[Saved data entries]
● ● ●

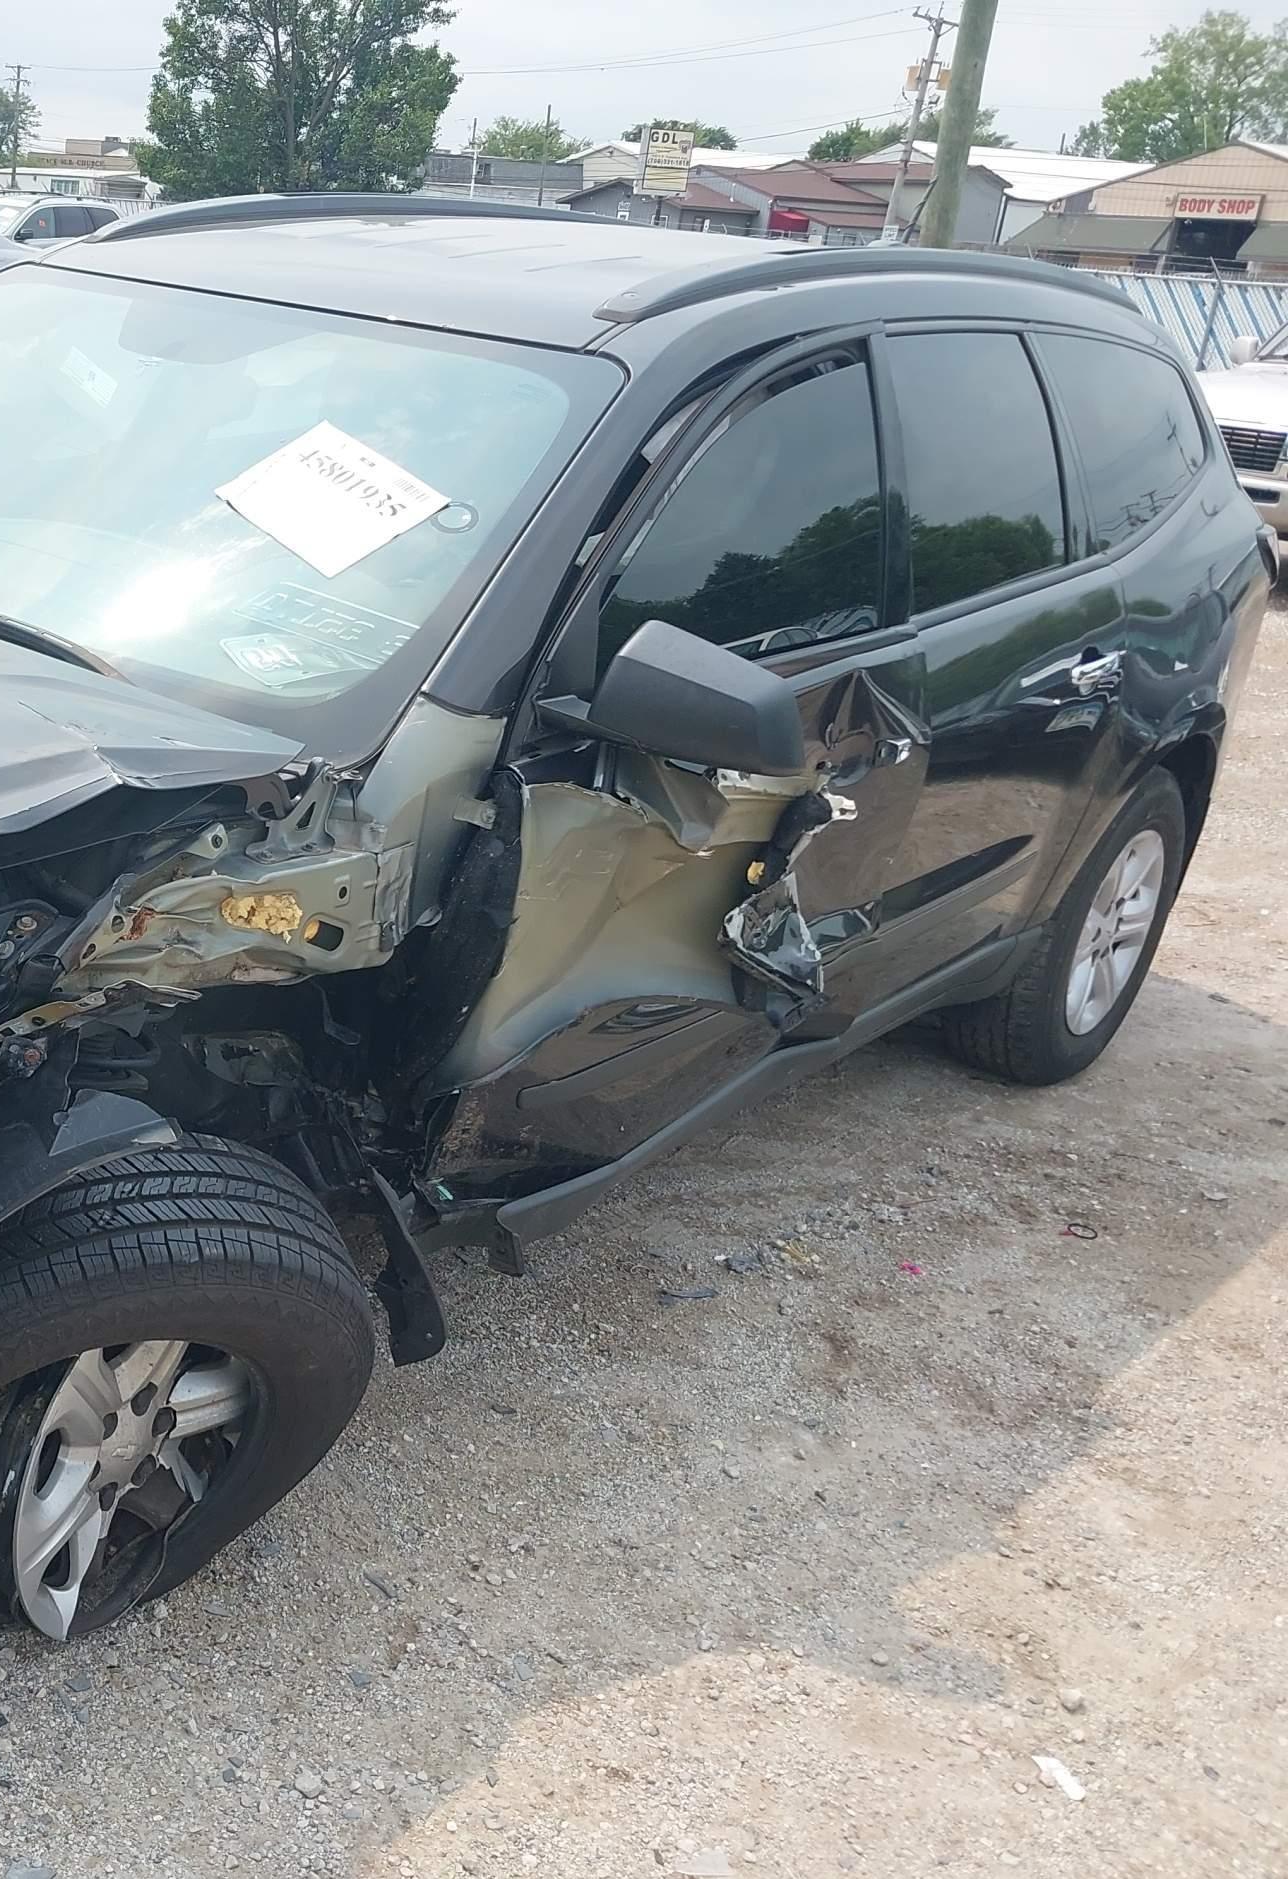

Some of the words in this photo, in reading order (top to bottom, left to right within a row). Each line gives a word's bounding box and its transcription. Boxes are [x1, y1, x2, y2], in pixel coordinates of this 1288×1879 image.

[651, 131, 678, 144] GDL
[1178, 197, 1216, 213] BODY
[1217, 198, 1256, 215] SHOP
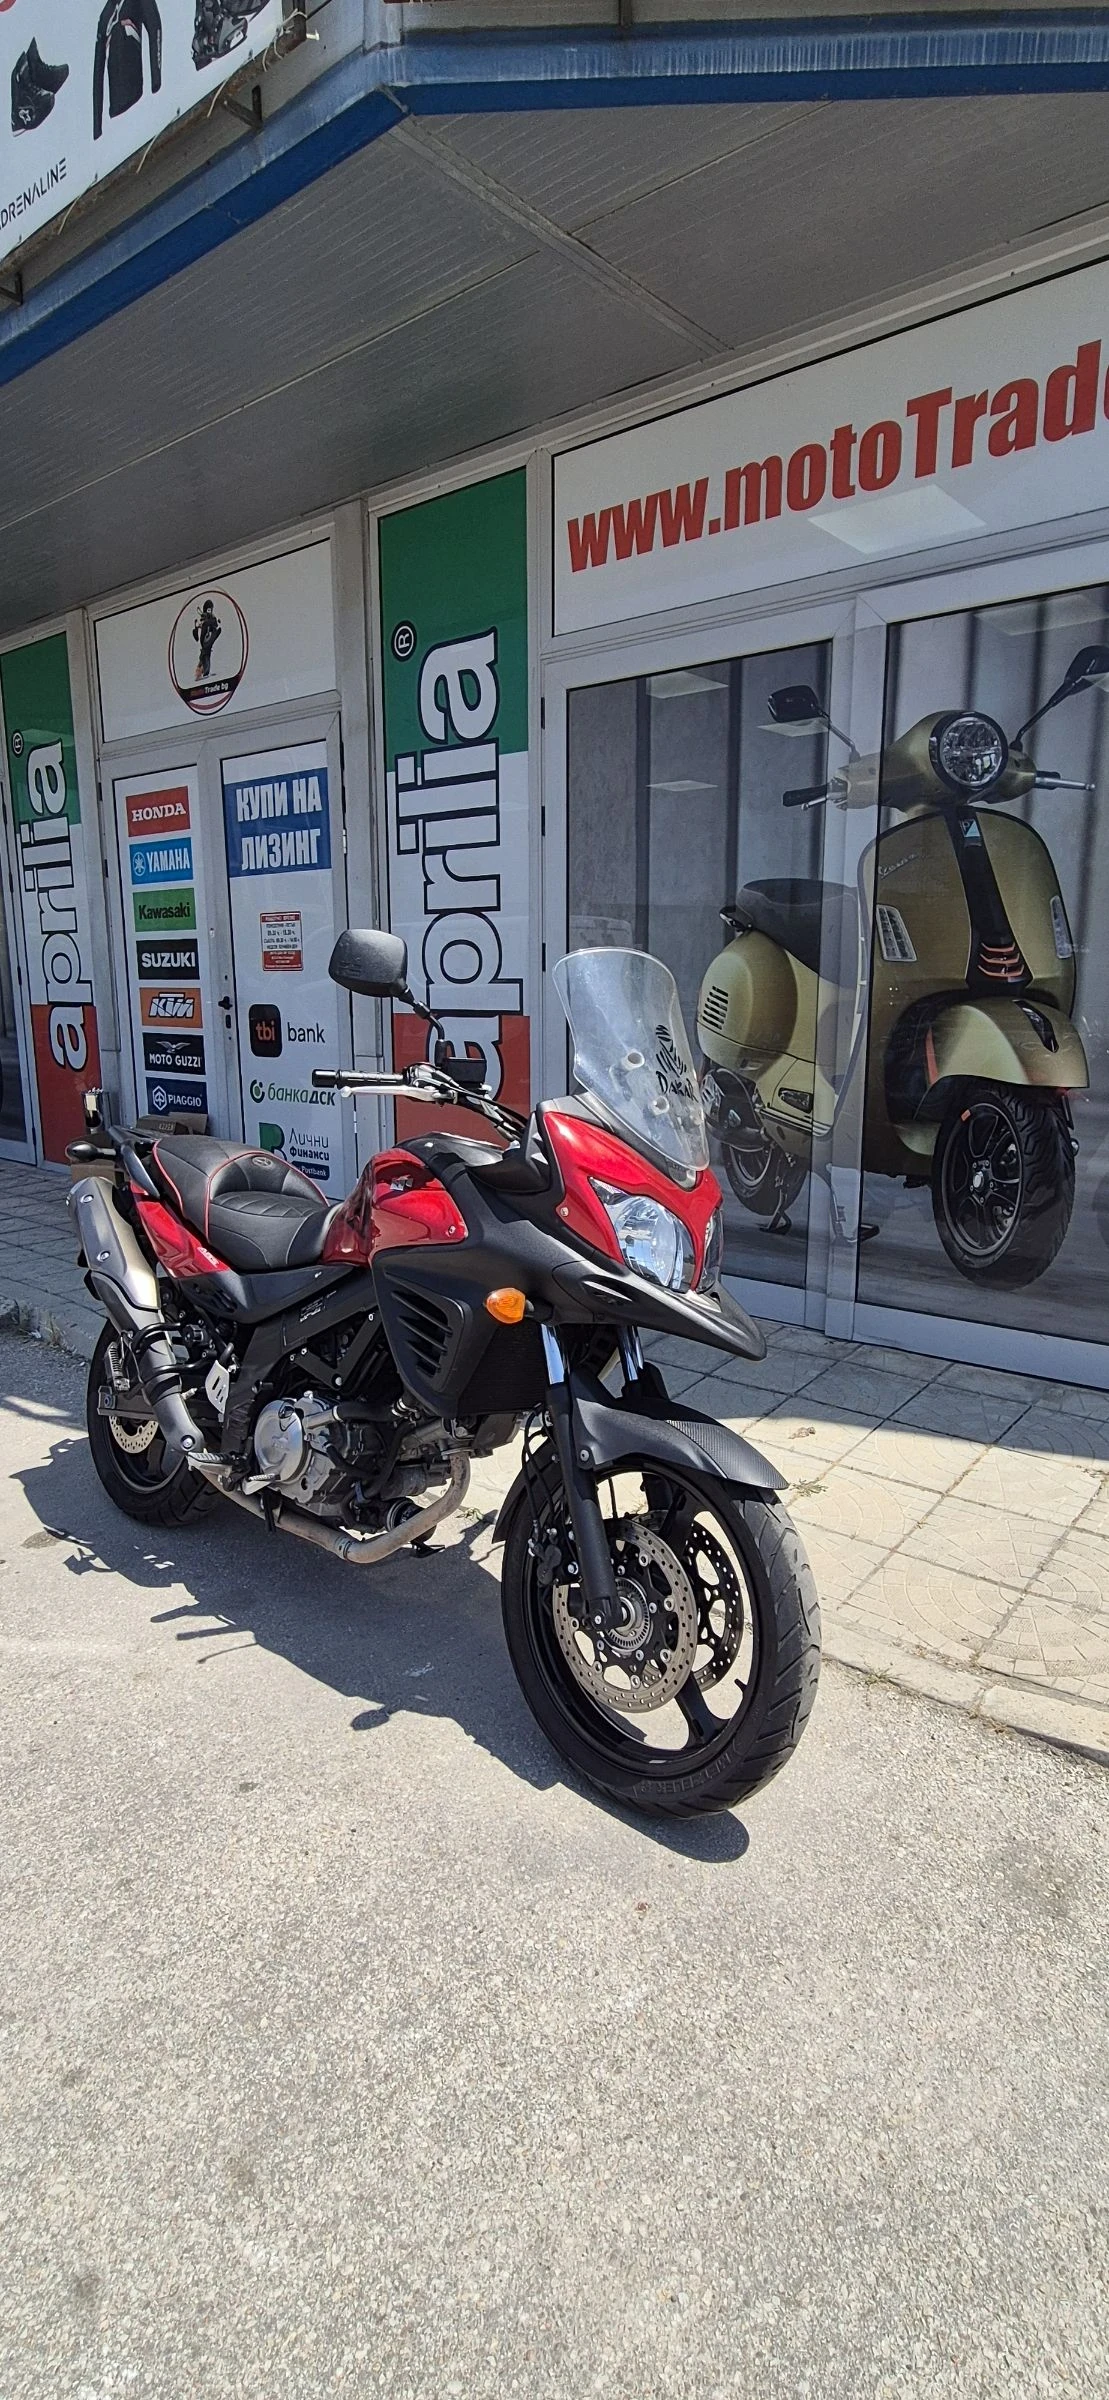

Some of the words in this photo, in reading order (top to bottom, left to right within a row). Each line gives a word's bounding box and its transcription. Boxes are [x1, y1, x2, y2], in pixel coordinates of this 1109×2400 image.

[0, 157, 67, 230] DRENALINE
[567, 339, 1109, 573] www.motoTrad
[236, 781, 288, 822] КУПИ
[292, 776, 322, 814] НА
[132, 802, 187, 822] HONDA
[147, 847, 191, 873] YAMAHA
[241, 828, 321, 871] ЛИЗИНГ
[20, 738, 95, 1073] aprilia
[139, 902, 191, 920] Kawasaki
[141, 952, 196, 968] SUZUKI
[149, 992, 195, 1019] KTM
[255, 1020, 275, 1041] tbi
[287, 1022, 326, 1044] bank
[149, 1053, 172, 1066] MOTO
[175, 1055, 201, 1068] GUZZI
[167, 1094, 202, 1107] PIAGGIO
[289, 1127, 329, 1148] Лични
[289, 1146, 330, 1161] Финанси
[301, 1165, 327, 1177] Postbank

● ● ●

Beginning at the line with "this 1109×2400 image." and ending at the last line of the entries, print every line exactly.

Response to the exercise ▸
Some of the words in this photo, in reading order (top to bottom, left to right within a row). Each line gives a word's bounding box and its transcription. Boxes are [x1, y1, x2, y2], in pixel coordinates of this 1109×2400 image.

[0, 157, 67, 230] DRENALINE
[567, 339, 1109, 573] www.motoTrad
[236, 781, 288, 822] КУПИ
[292, 776, 322, 814] НА
[132, 802, 187, 822] HONDA
[147, 847, 191, 873] YAMAHA
[241, 828, 321, 871] ЛИЗИНГ
[20, 738, 95, 1073] aprilia
[139, 902, 191, 920] Kawasaki
[141, 952, 196, 968] SUZUKI
[149, 992, 195, 1019] KTM
[255, 1020, 275, 1041] tbi
[287, 1022, 326, 1044] bank
[149, 1053, 172, 1066] MOTO
[175, 1055, 201, 1068] GUZZI
[167, 1094, 202, 1107] PIAGGIO
[289, 1127, 329, 1148] Лични
[289, 1146, 330, 1161] Финанси
[301, 1165, 327, 1177] Postbank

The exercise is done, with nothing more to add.